Assignment: Everything in the listing below should be written out again exactly, except the pictures.

Entries provided:

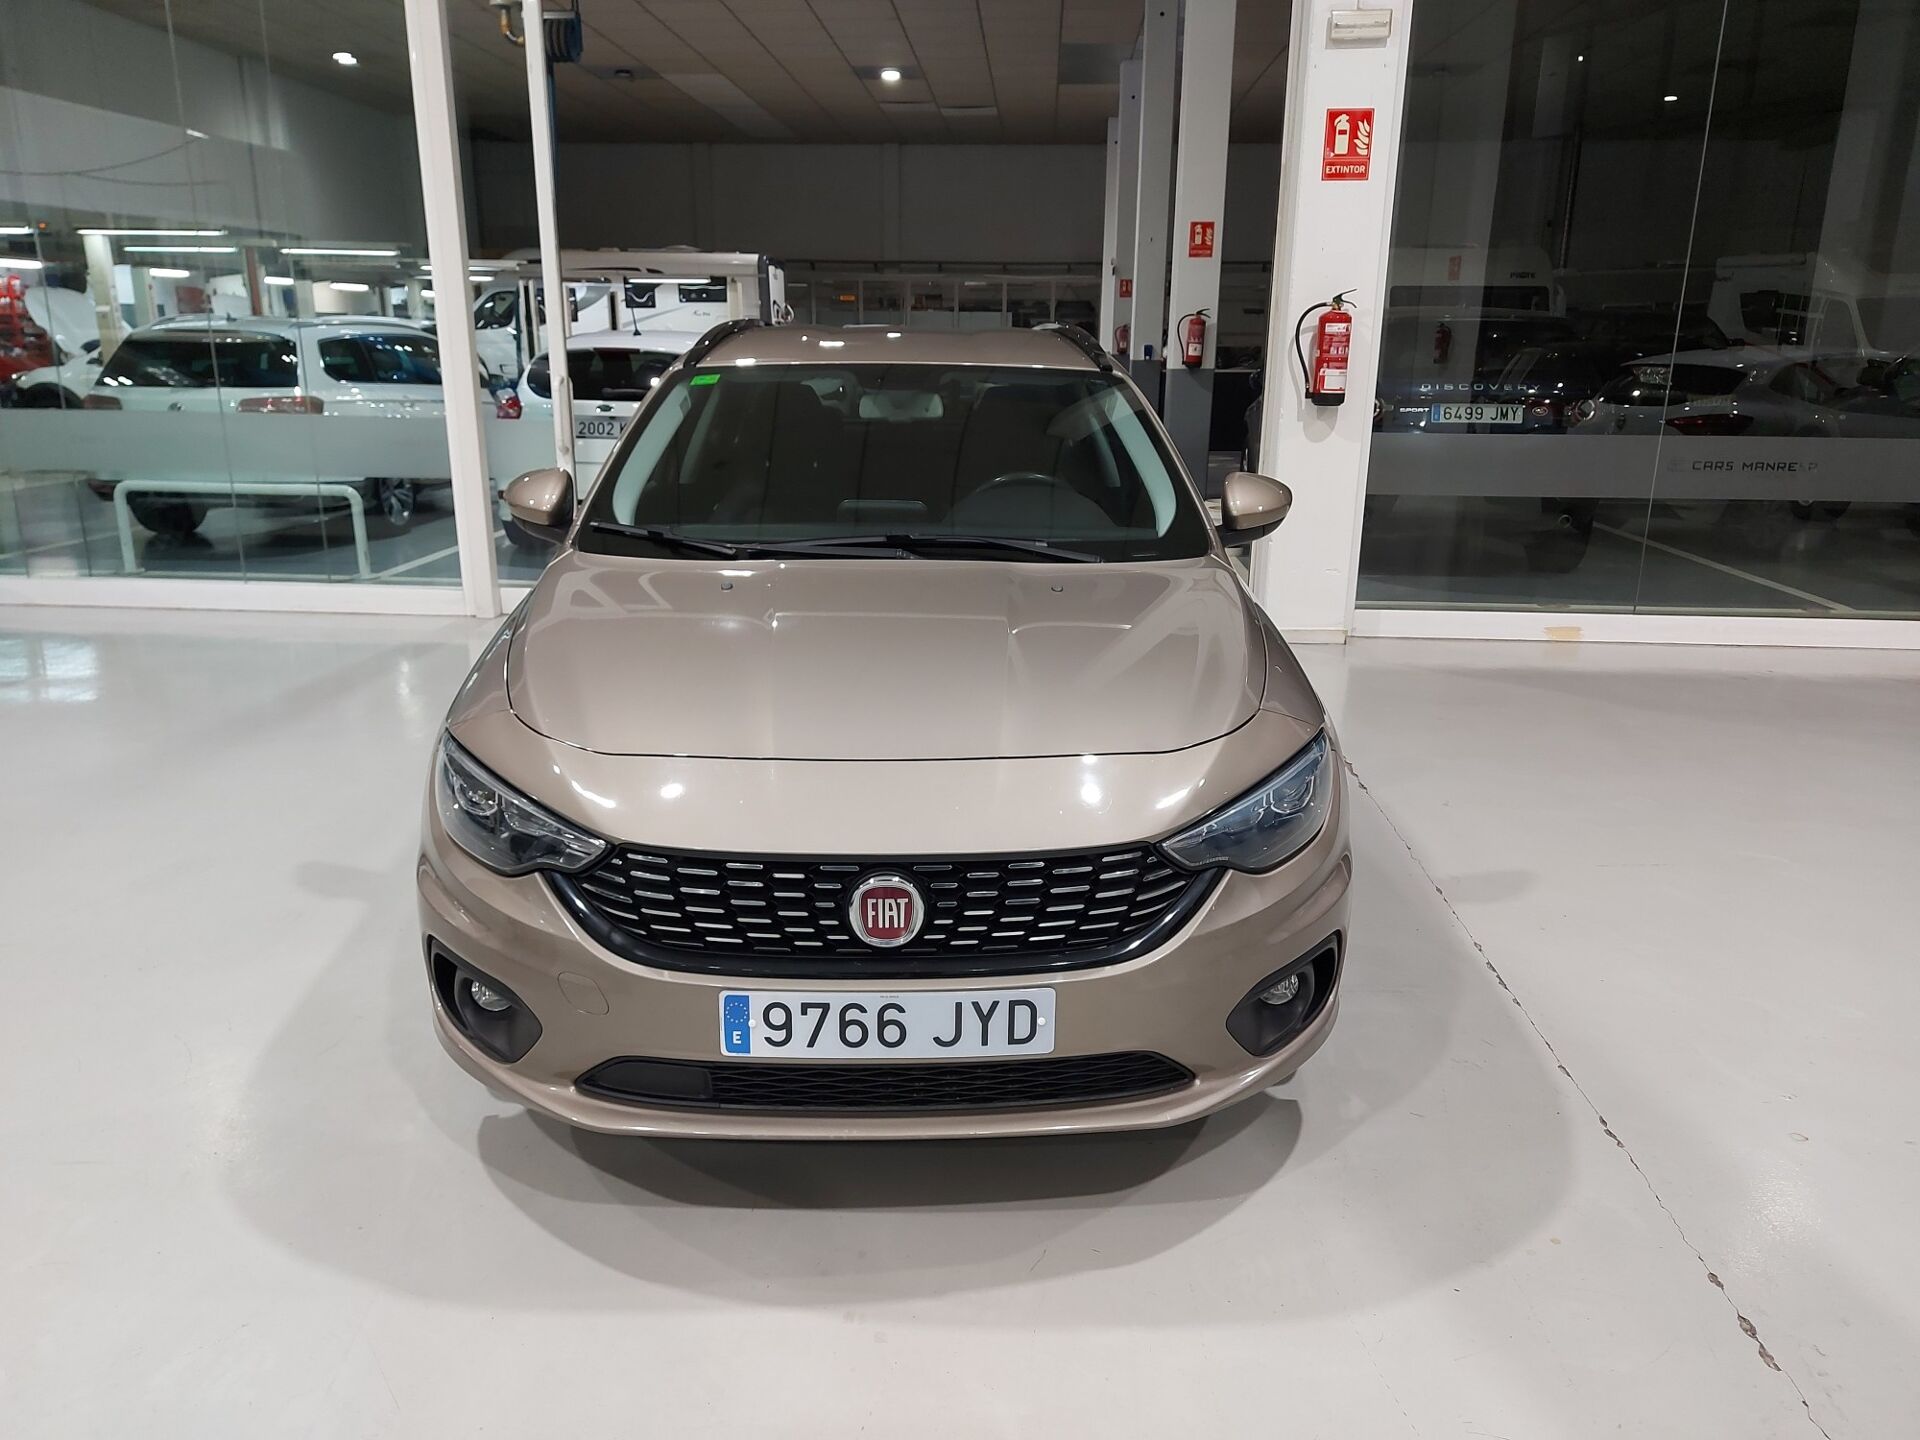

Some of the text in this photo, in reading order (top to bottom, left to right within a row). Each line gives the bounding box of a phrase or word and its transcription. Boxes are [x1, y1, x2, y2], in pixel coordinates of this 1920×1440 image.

[1325, 164, 1366, 175] EXTINTOR
[1420, 383, 1541, 391] DISCOVERY
[1443, 406, 1520, 421] 6499 JMY
[578, 421, 615, 436] 2002
[1692, 460, 1735, 471] CARS
[867, 897, 909, 929] FIAT
[732, 999, 1038, 1049] E 9766 JYD

Response area:
Some of the text in this photo, in reading order (top to bottom, left to right within a row). Each line gives the bounding box of a phrase or word and its transcription. Boxes are [x1, y1, x2, y2], in pixel coordinates of this 1920×1440 image.

[1325, 164, 1366, 175] EXTINTOR
[1420, 383, 1541, 391] DISCOVERY
[1443, 406, 1520, 421] 6499 JMY
[578, 421, 615, 436] 2002
[1692, 460, 1735, 471] CARS
[867, 897, 909, 929] FIAT
[732, 999, 1038, 1049] E 9766 JYD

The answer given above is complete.